**Data supplied**

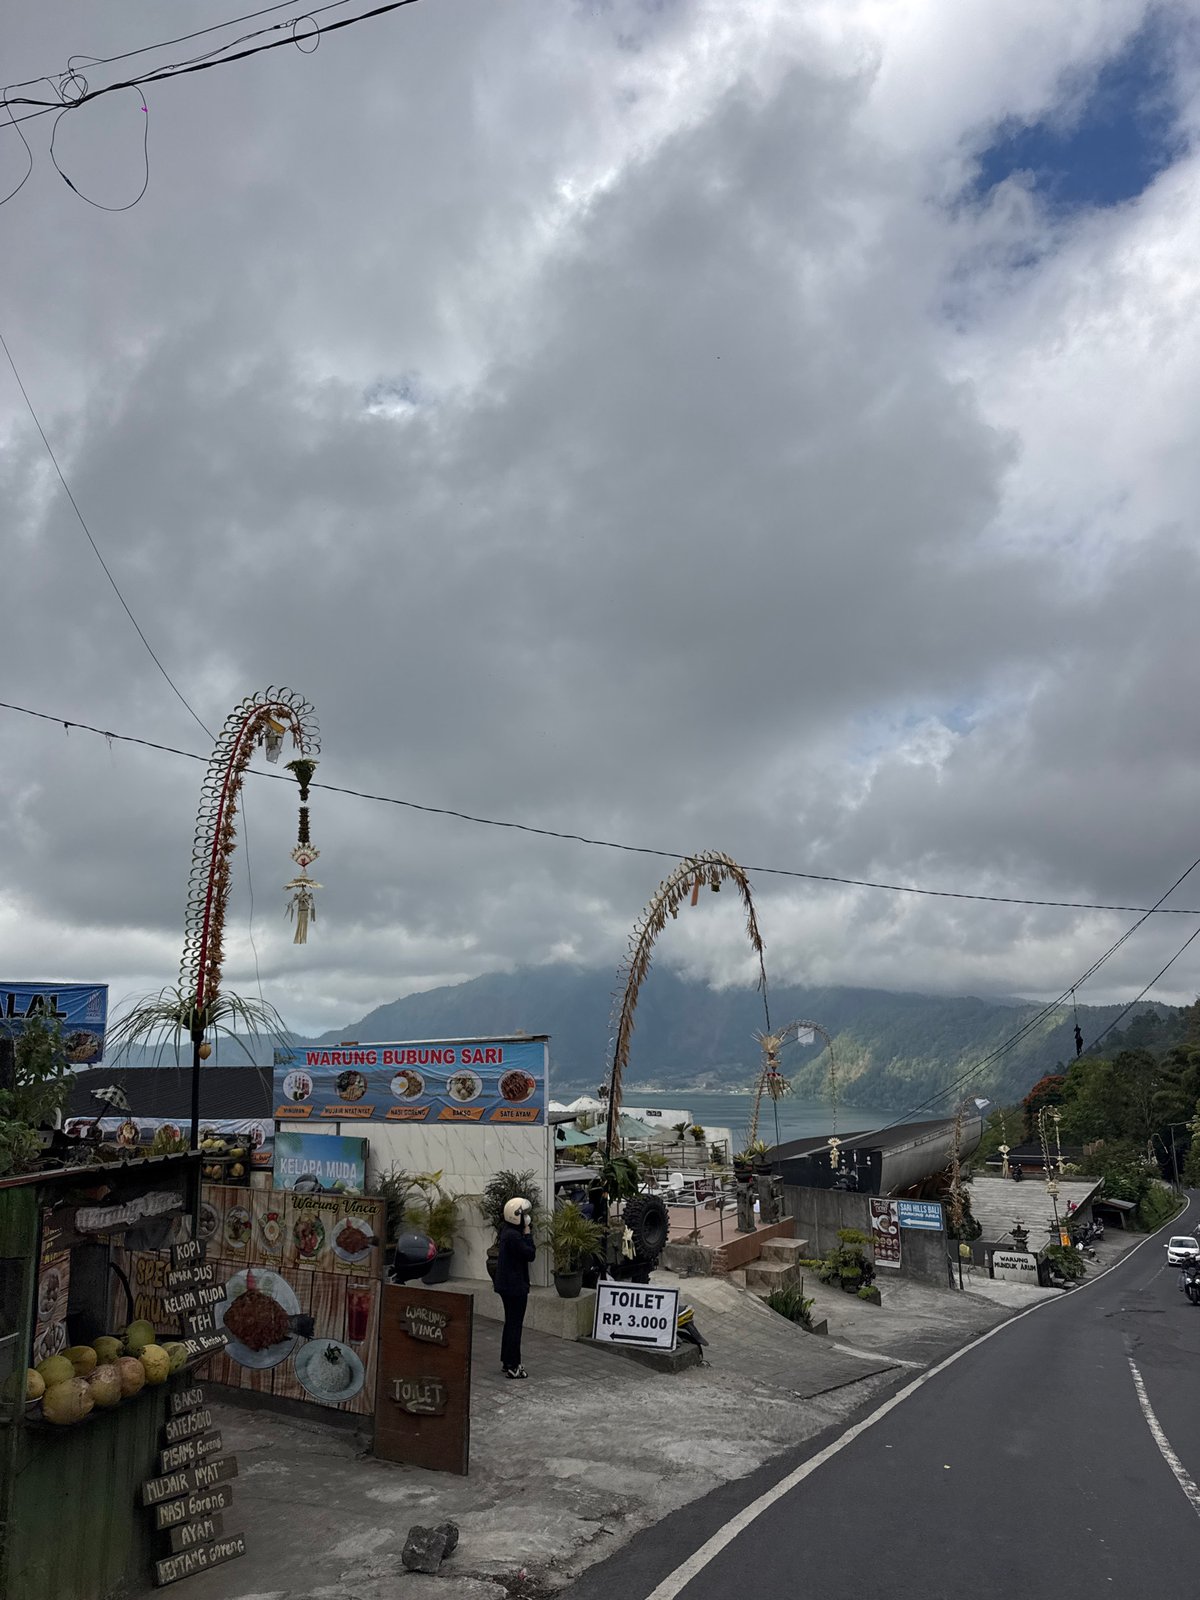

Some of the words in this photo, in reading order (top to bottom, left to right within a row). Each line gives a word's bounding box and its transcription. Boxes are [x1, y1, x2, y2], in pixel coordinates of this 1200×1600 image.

[0, 994, 67, 1018] LAL
[306, 1051, 377, 1065] WARUNG
[383, 1050, 455, 1064] BUBUNG
[461, 1049, 503, 1063] SARI
[280, 1158, 323, 1176] KELAPA
[326, 1161, 357, 1178] MUDA
[291, 1195, 339, 1214] Warung
[342, 1199, 380, 1214] Vinca
[176, 1240, 201, 1260] KOPI
[1000, 1256, 1029, 1264] WARUNG
[193, 1264, 212, 1281] JUS
[163, 1292, 197, 1314] KELAPA
[198, 1286, 225, 1304] MUDA
[610, 1291, 665, 1310] TOILET
[189, 1313, 212, 1334] TEH
[405, 1305, 447, 1327] WARUNG
[602, 1312, 623, 1326] RP.
[627, 1314, 668, 1330] 3.000
[411, 1322, 443, 1341] VINCA
[174, 1389, 203, 1411] BAKSO
[393, 1378, 443, 1404] TOILET
[163, 1442, 195, 1471] PISANG
[159, 1502, 186, 1525] NASI
[181, 1520, 214, 1545] AYAM
[159, 1548, 206, 1583] KENTANG

**Work order**
The answer is the whole listing above, written out verbatim, without its pictures.

**Reply to the exercise**
Some of the words in this photo, in reading order (top to bottom, left to right within a row). Each line gives a word's bounding box and its transcription. Boxes are [x1, y1, x2, y2], in pixel coordinates of this 1200×1600 image.

[0, 994, 67, 1018] LAL
[306, 1051, 377, 1065] WARUNG
[383, 1050, 455, 1064] BUBUNG
[461, 1049, 503, 1063] SARI
[280, 1158, 323, 1176] KELAPA
[326, 1161, 357, 1178] MUDA
[291, 1195, 339, 1214] Warung
[342, 1199, 380, 1214] Vinca
[176, 1240, 201, 1260] KOPI
[1000, 1256, 1029, 1264] WARUNG
[193, 1264, 212, 1281] JUS
[163, 1292, 197, 1314] KELAPA
[198, 1286, 225, 1304] MUDA
[610, 1291, 665, 1310] TOILET
[189, 1313, 212, 1334] TEH
[405, 1305, 447, 1327] WARUNG
[602, 1312, 623, 1326] RP.
[627, 1314, 668, 1330] 3.000
[411, 1322, 443, 1341] VINCA
[174, 1389, 203, 1411] BAKSO
[393, 1378, 443, 1404] TOILET
[163, 1442, 195, 1471] PISANG
[159, 1502, 186, 1525] NASI
[181, 1520, 214, 1545] AYAM
[159, 1548, 206, 1583] KENTANG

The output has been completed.